Willow would come. Oz was surprised by how he held on to this slim hope, the opportunity of seeing Willow again. He tried to tell himself it was just business, that he just had information vital to her mission to share
(I know where Stone Mountain is, I know what the knife does, I know what Caleb plans on doing with the knife, I know how much you need this information, Willow, and I know my heart aches to see you again…)
but it didn't really work. He was simply too smart to pull the wool over his own eyes.
He could lie about everything else but this.
So he waited, because they assured him that she was coming. There was an oddly menacing silence in his head – Maia had retreated unexpectedly from his mind. A faint tang of worry and fear stretched through the ether and he shivered, wondering what his goddess had to be scared of. What could have caused her to flee?
If Maia had stayed, she could have saved him. One warning.
But do gods ever understand the singleness of a human life? Or is a human merely another piece on the game-board, a toy on the shelf, easily broken and discarded?
There was a faint popping sound, and the room was suddenly filled with Willow's scent. Oz closed his eyes for a small moment, relieved beyond measure that Willow came to him this time. He would say her name, and turn around, and everything would be forgiven.
"Willow," he breathed, his eyes closed, drinking in her scent.
So he turned, but the woman in front of him was not Willow.
Why did he smell Willow on this woman's skin?
It was maddening. Willow was all over this girl, her scent deeply embedded in clothing, in hair, in skin. Oz's eyes widened with equal parts surprise and pain. The woman had no scruples, and there was a knife in her hand. A knife that was a cool edge in his chest, parting his ribs with calm efficiency, thrusting with surety for his frantically beating heart.
The wolf would not come, even as he called for it.

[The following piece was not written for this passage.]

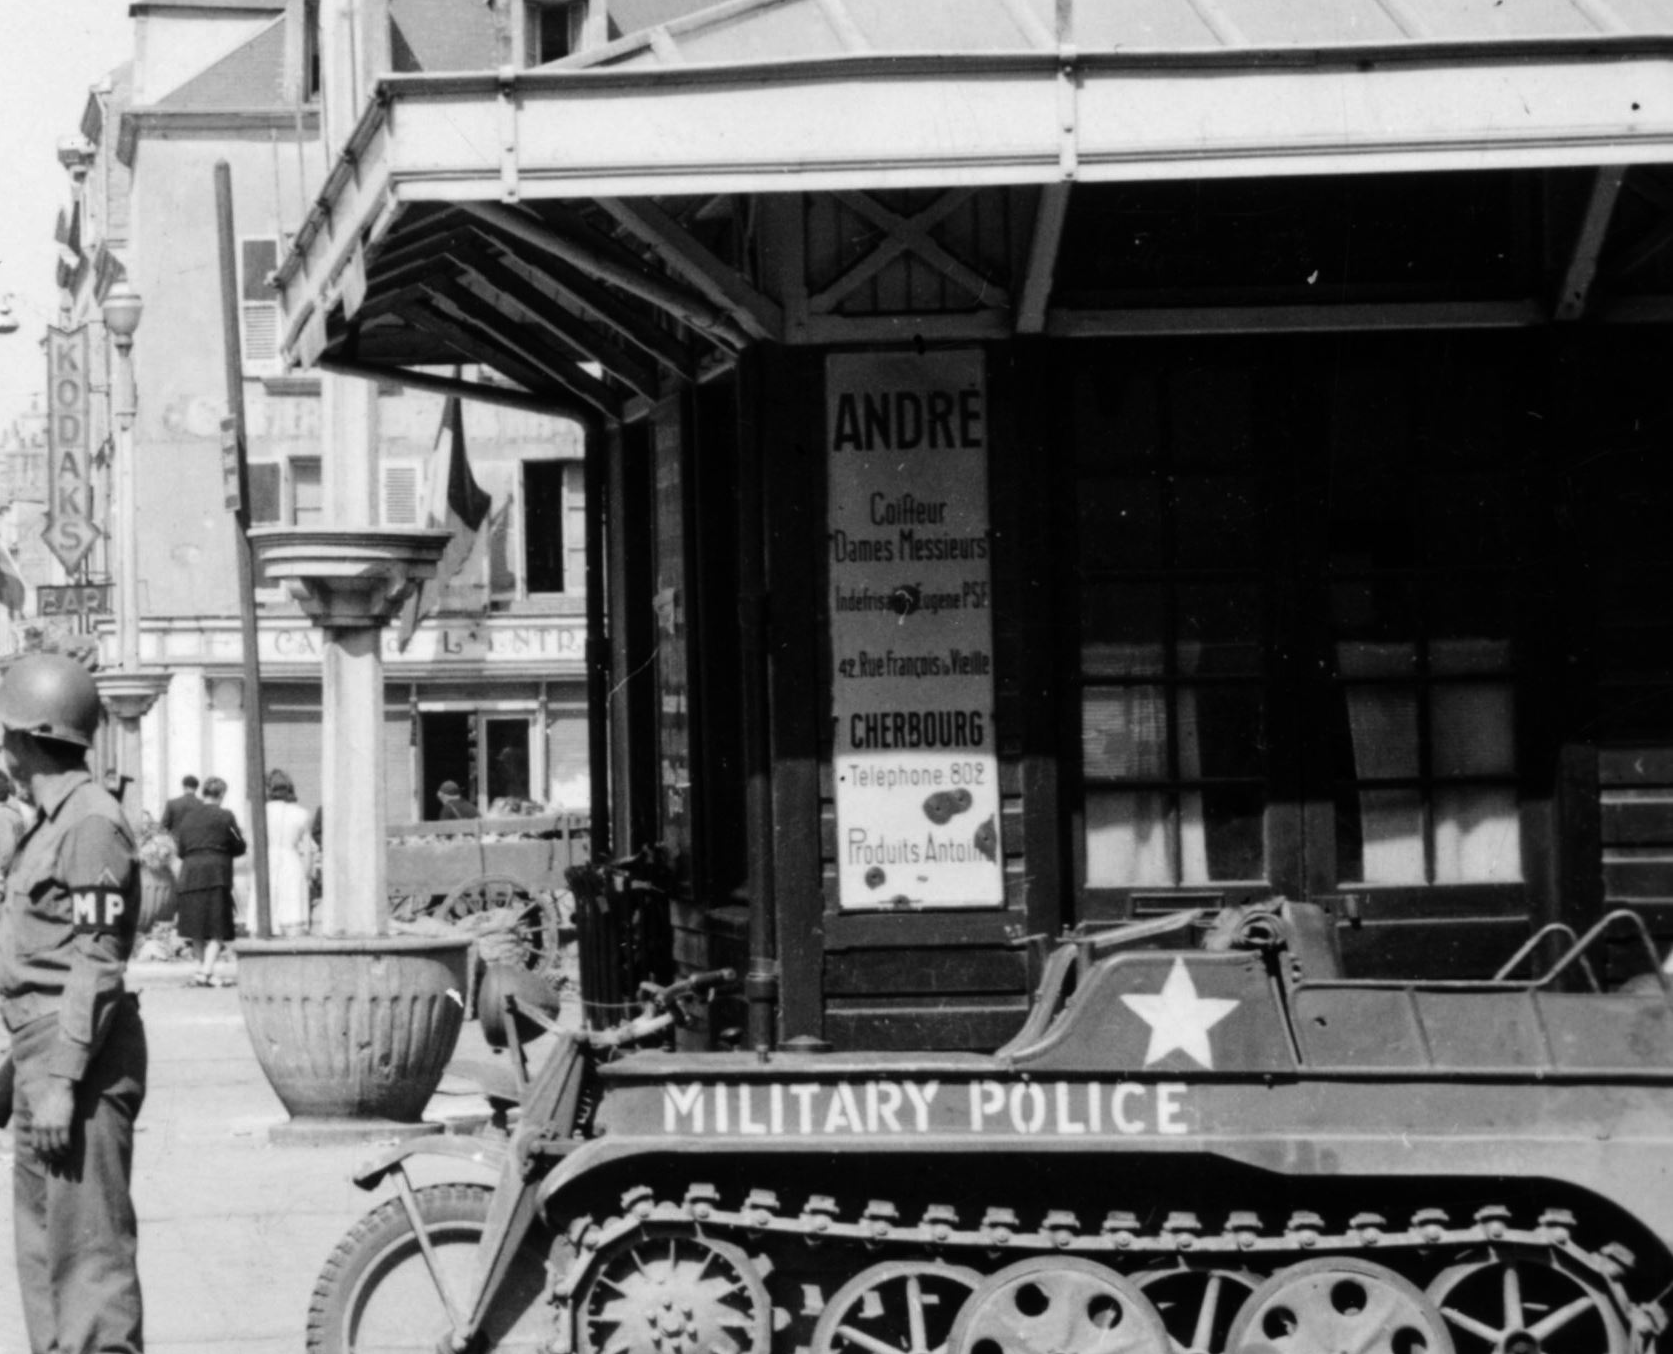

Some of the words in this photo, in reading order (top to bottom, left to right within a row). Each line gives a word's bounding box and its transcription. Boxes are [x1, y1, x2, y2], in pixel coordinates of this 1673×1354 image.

Statistics said it was rare to be killed by a complete stranger. Killing was usually such an intimate act. He knew nothing of this girl, except that she was not foreign to Willow's touch, that she also had access to the closely guarded vistas of Willow's heart. If Maia were there, he would have known.
He would have prayed for his killer.
Blood dribbled from the corner of his mouth, and the room was impossibly bright.
His killer had blue eyes, the disinterested blue of cobalt mines. Her blue eyes swiftly looked to the side of the room, but he couldn't command his body well enough to turn as well, to see what she was seeing, and then she disappeared with a faint void of air.
Red was a far more glorious colour. Willow's hair was the fire of dawn cracking over the rim of the world, the heat of frenzied summer-love.
Willow's eyes were awash in tears even as she splayed her pale fingers over the dreadful holes in Oz's chest. He tried not to cough but blood tickled the back of his throat as it flooded his lungs. He coughed then, and a fine mist of blood struck Willow's cheek. Would he have time to tell her everything?
Blood occluded his throat, bricked his voice. Hungry darkness clambered at the edges of his vision.
Willow was trying a spell, but the muscles just wouldn't knit correctly. She sobbed as she worked, and Oz couldn't tell if it was for him or for the woman who had murdered him. Darkness ate more of his vision; pain was a dull anvil on his chest.
Oz wished he had could have lived. There was still so much to see, so much to do. So many apologies to make.
The skin wouldn't close; the edges were angry, resentful. Oz desperately called to his goddess, realizing only then that his mind was slipping away, his most important information about to be lost in the grave. What to tell her, in the mere moments that remained?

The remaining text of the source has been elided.